A uranium nucleus 238U may stay in one piece for billions of years, but sooner or later it decays into an a particle of mass 6.64×10−27 kg and 234Th nucleus of mass 3.88 × 10−25 kg, and the decay process itself is extremely fast(it takes about 10−20 s). Suppose the uranium nucleus was at rest just before the decay. If the a particle is emitted at a speed of 1.07×107 m/s, what would be the recoil speed of the thorium nucleus?
Answer in units of m/s.
I got -183113.4021m/s, but that was wrong, and so was 183113.4021m/s
To find the recoil speed of the thorium nucleus, we can make use of the principle of conservation of momentum.
First, let's calculate the initial momentum of the system, which consists of the uranium nucleus alone. Since the uranium nucleus is at rest initially, its momentum is zero.
Next, let's calculate the final momentum of the system, which consists of the alpha particle (a) and the thorium nucleus (Th) after the decay. The total momentum of the system must also be zero, as there are no external forces acting on it.
The momentum of the alpha particle (p₁) can be calculated using the equation p = mv, where m is the mass and v is the speed:
p₁ = (mass of alpha particle) × (speed of alpha particle)
p₁ = (6.64×10−27 kg) × (1.07×107 m/s)
The momentum of the thorium nucleus (p₂) can be calculated in a similar way:
p₂ = (mass of thorium nucleus) × (recoil speed of thorium nucleus)
Since the sum of the momenta before and after the decay is zero, we can write the equation:
0 = p₁ + p₂
Rearranging this equation, we can solve for the recoil speed of the thorium nucleus:
recoil speed of thorium nucleus = - p₁ / (mass of thorium nucleus)
Let's plug in the values and calculate:
recoil speed of thorium nucleus = - [(6.64×10−27 kg) × (1.07×107 m/s)] / (3.88 × 10−25 kg)

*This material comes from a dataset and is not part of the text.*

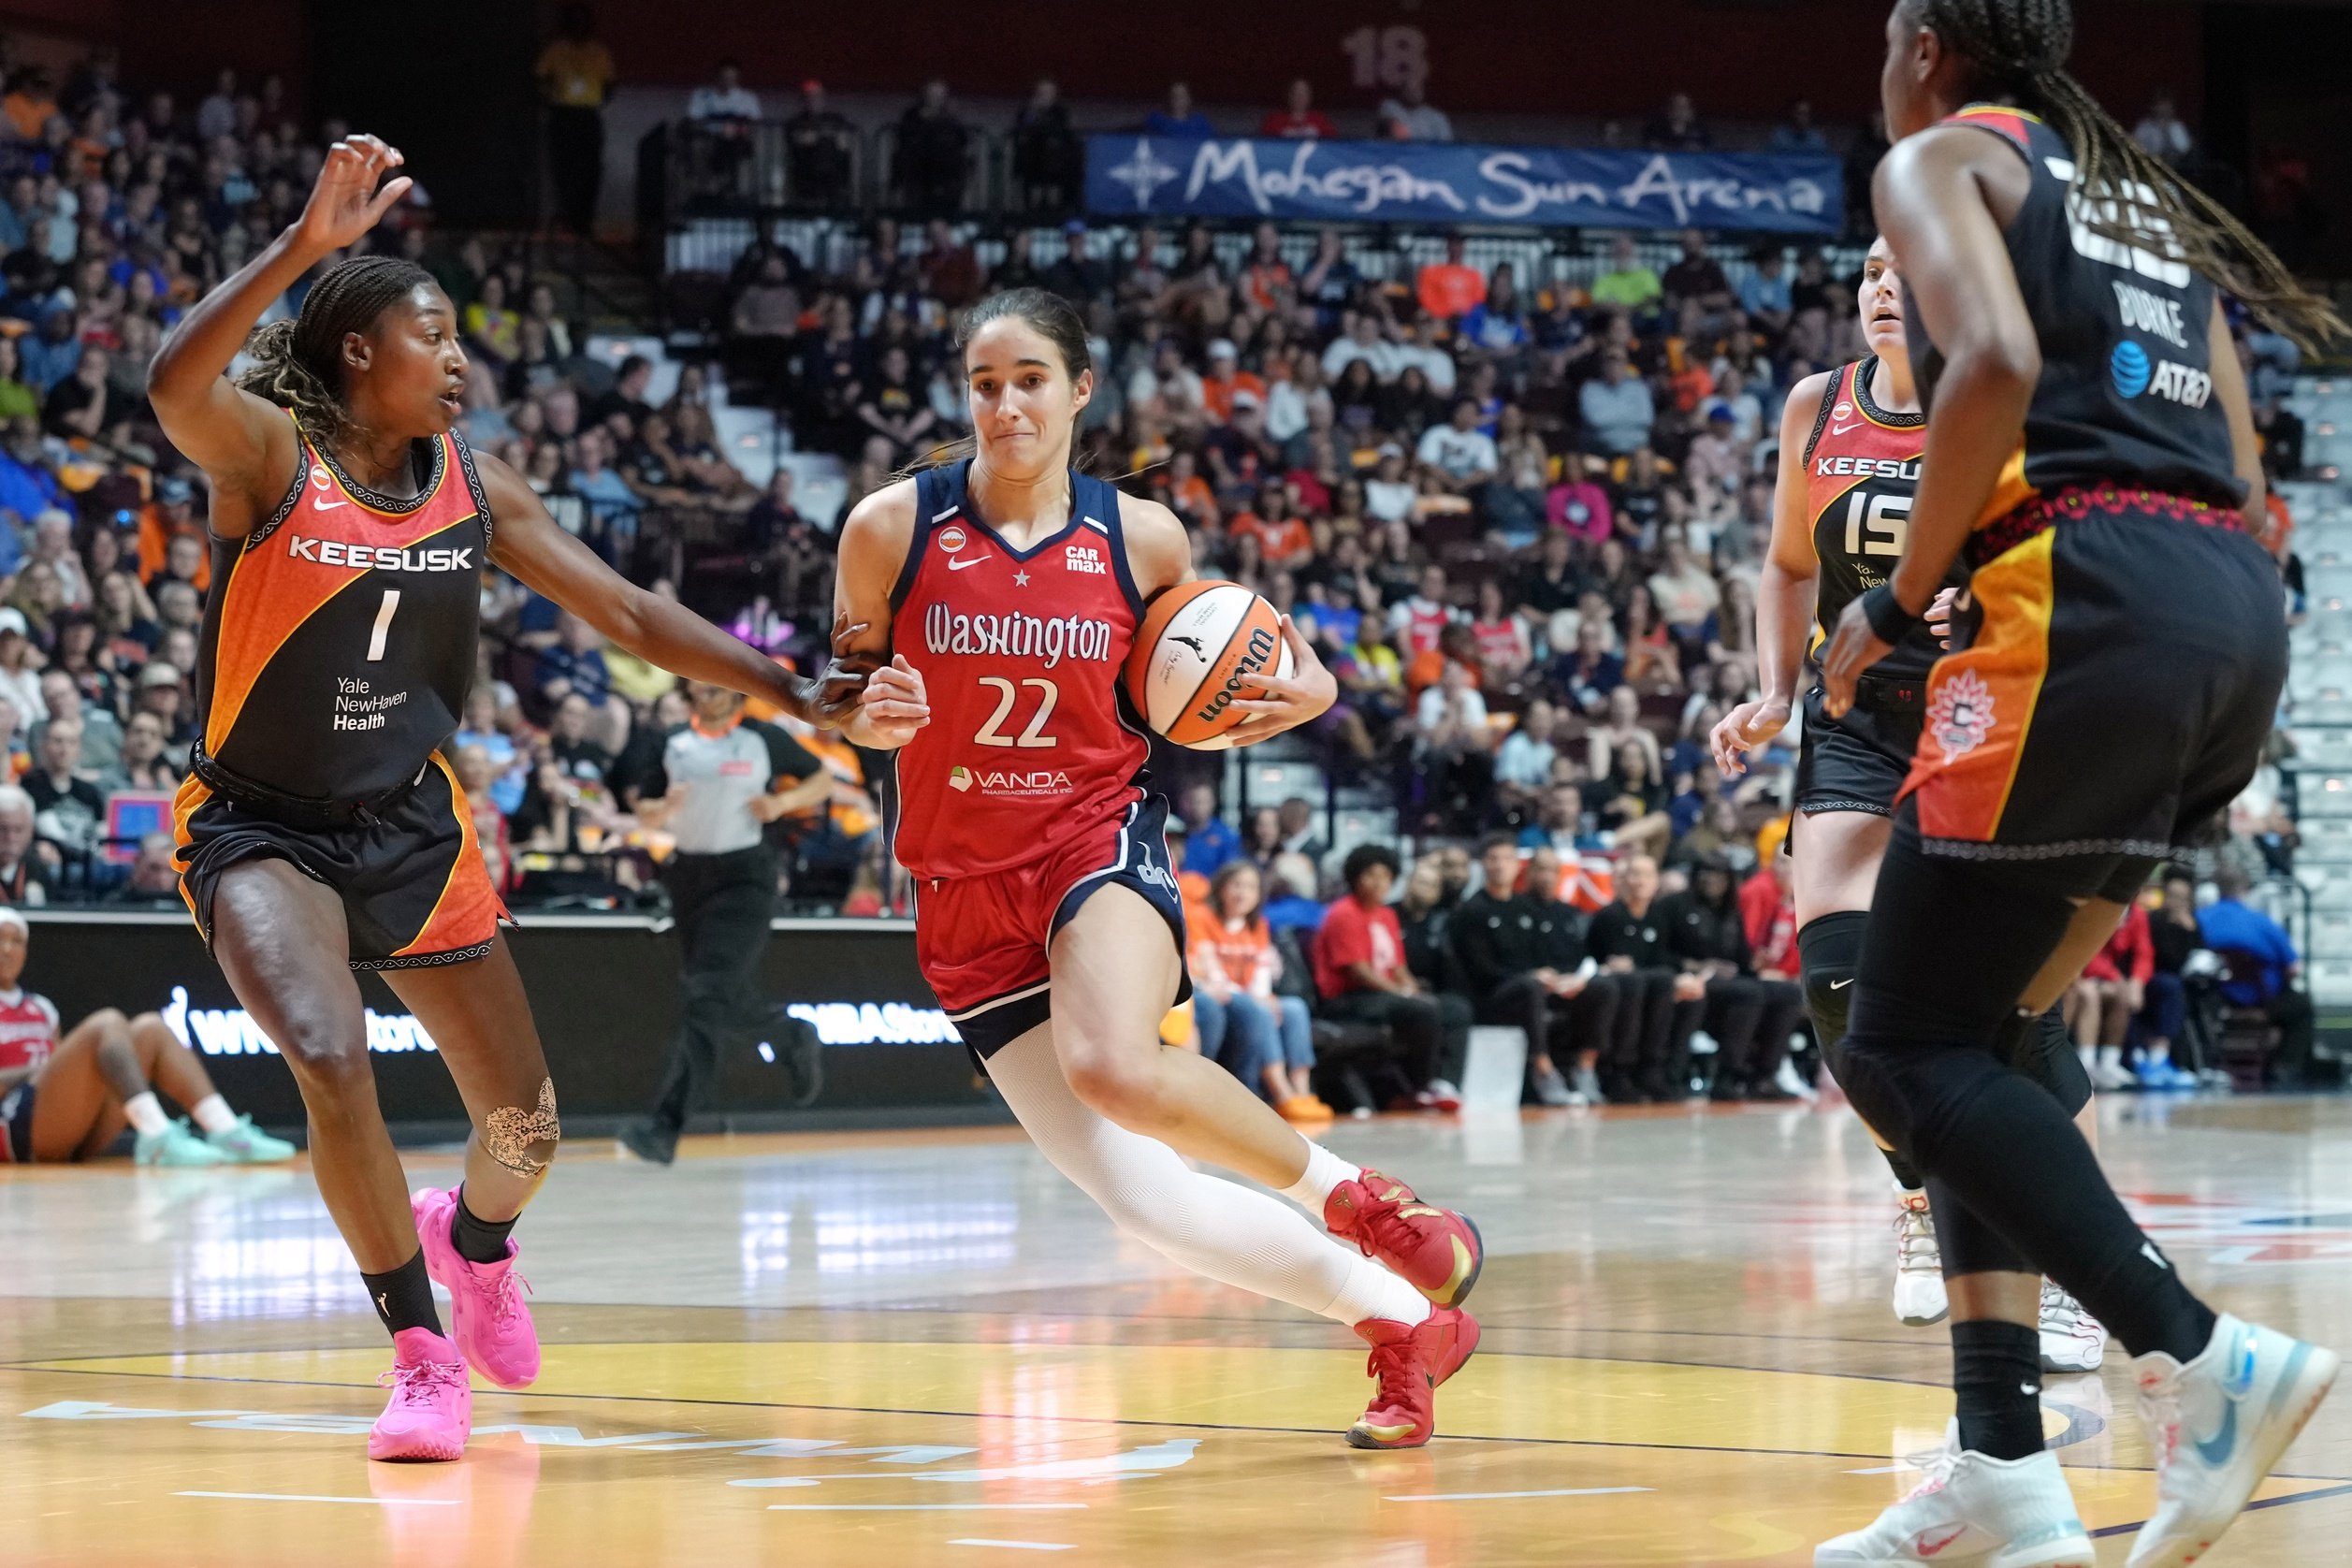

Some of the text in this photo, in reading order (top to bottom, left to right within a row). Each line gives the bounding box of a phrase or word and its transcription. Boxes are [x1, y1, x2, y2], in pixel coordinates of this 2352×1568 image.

Calculating this expression, we get:
recoil speed of thorium nucleus ≈ -1825.77 m/s
Rounding to the appropriate number of significant figures, the recoil speed of the thorium nucleus would be approximately -1825.8 m/s.

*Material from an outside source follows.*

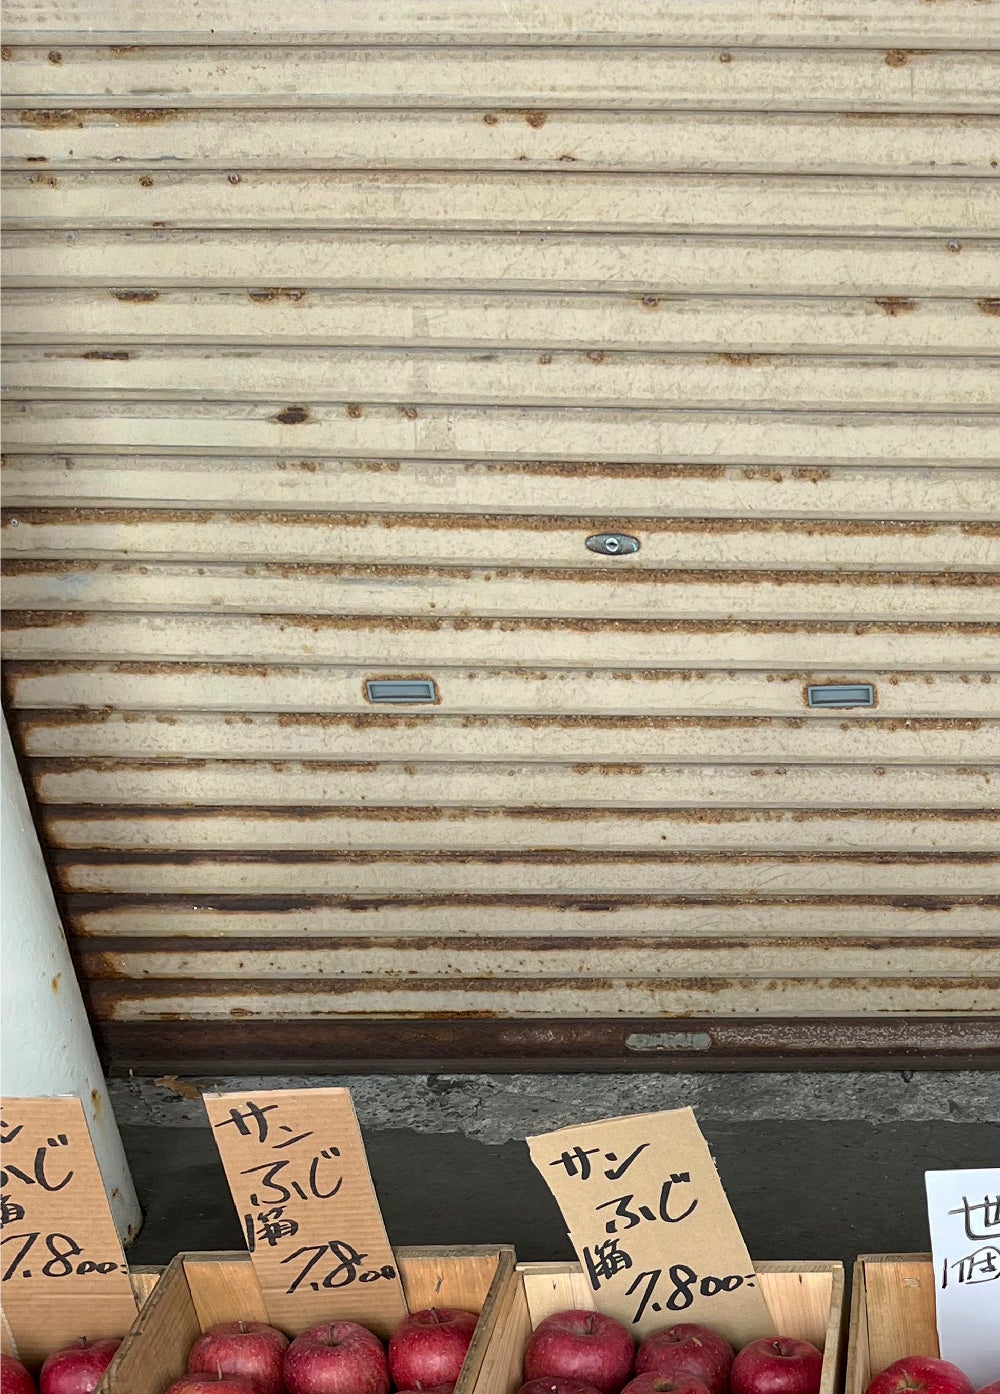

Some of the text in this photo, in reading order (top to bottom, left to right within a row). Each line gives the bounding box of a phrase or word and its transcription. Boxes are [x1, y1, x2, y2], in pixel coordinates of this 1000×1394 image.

To find the recoil speed of the thorium nucleus, we can use the principle of conservation of momentum.
The initial momentum of the system is zero since the uranium nucleus is at rest. Therefore, the final momentum of the system must also be zero to satisfy the conservation of momentum.
Let's denote the recoil speed of the thorium nucleus as v. The momentum of the alpha particle is given by p_alpha = m_alpha * v_alpha, and the momentum of the thorium nucleus is given by p_thorium = m_thorium * v.
Since the final momentum is zero, we have:
p_alpha + p_thorium = 0
Substituting in the given masses and speeds:
(m_alpha * v_alpha) + (m_thorium * v) = 0
Now, let's plug in the values:
(6.64 × 10^-27 kg) * (1.07 × 10^7 m/s) + (3.88 × 10^-25 kg) * v = 0
Solving for v:
(6.64 × 10^-27 kg) * (1.07 × 10^7 m/s) = -(3.88 × 10^-25 kg) * v
v = - (6.64 × 10^-27 kg) * (1.07 × 10^7 m/s) / (3.88 × 10^-25 kg)
v ≈ -1.82 × 10^5 m/s
Note that the negative sign indicates that the thorium nucleus recoils in the opposite direction to the alpha particle emission.
Therefore, the recoil speed of the thorium nucleus is approximately 1.82 × 10^5 m/s.
Massparticle*velocityParticle=massU234*V
solve for V.
6.46E-27*1.07E7=3.88E-25*V
I agree, your answers are not correct.